Performance - PathwayAnalysisPlatform/PathwayMatcher GitHub Wiki
PathwayMatcher was benchmarked against different reference datasets covering multiple types of omics data.
Response time
In all cases, response time increases with query size until reaching a plateau indicative of a near-complete coverage of pathways for the given input type.

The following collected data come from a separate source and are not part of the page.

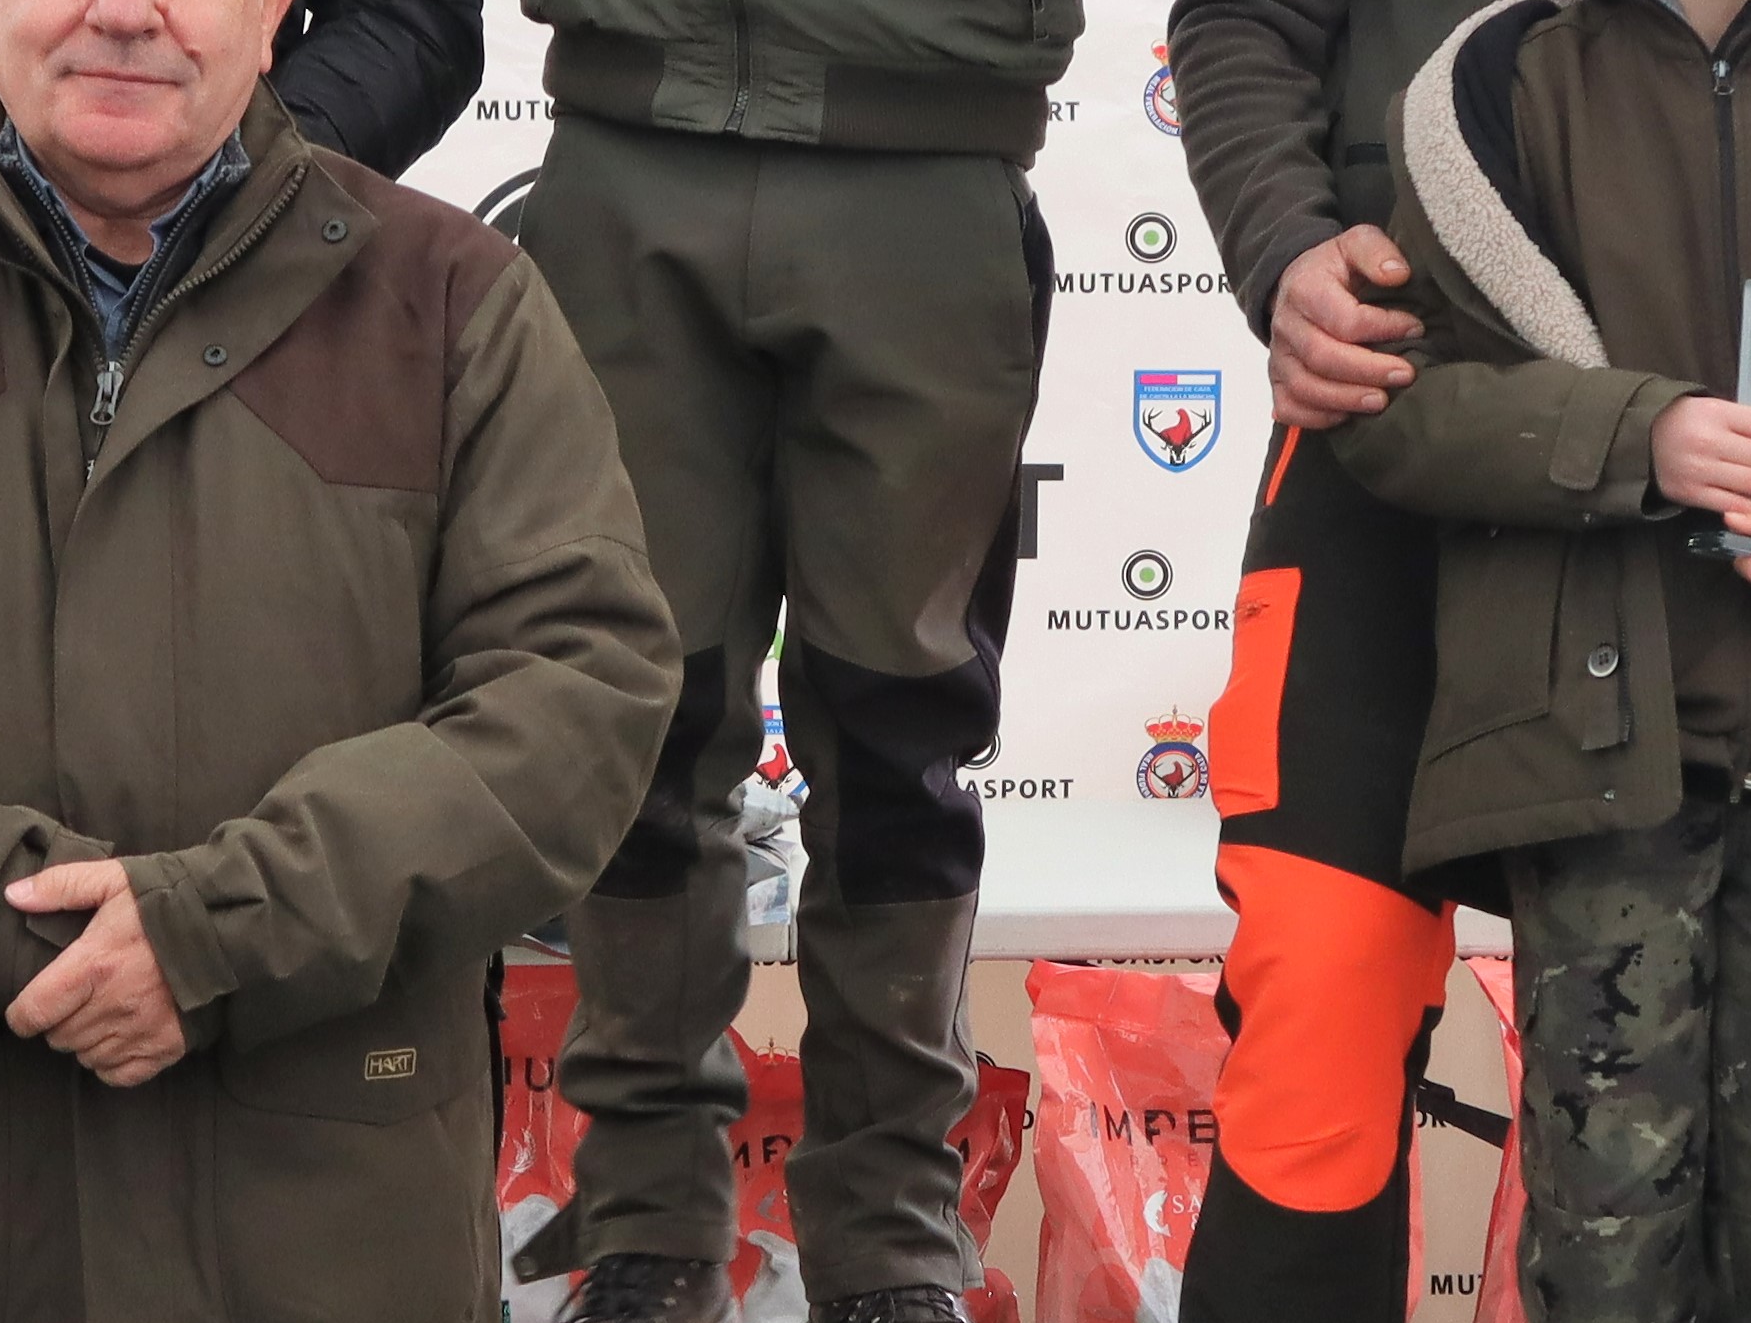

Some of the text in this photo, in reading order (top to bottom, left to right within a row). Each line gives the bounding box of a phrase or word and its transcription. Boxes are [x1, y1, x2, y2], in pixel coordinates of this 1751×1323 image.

[1054, 273, 1232, 294] MUTUASPOR
[1048, 610, 1234, 631] MUTUASPOR
[965, 779, 1074, 799] ASPORT
[369, 1054, 412, 1074] HART
[1088, 1102, 1215, 1145] IMPE

As expected, protein identifiers provide the lowest response time, completing within less than a minute. Mapping peptides and genetic variants to proteins adds additional computation complexity resulting in response time of approximately one and two minutes, respectively. Finally, proteoform matching, the most demanding task computationally, shows a response time increasing linearly until reaching 3.5 min.
Response time of PathwayMatcher using (A) proteins in blue, (B) proteoforms in green, (C) peptides in yellow, and (D) genetic variants in red. Response time in minutes is plotted against query size. Mean is displayed as solid line and 95% range as ribbon.
Datasets
Proteins
- The Human protein set from Uniprot/Swiss-Prot which are manually annotated and reviewed (release 2017_10).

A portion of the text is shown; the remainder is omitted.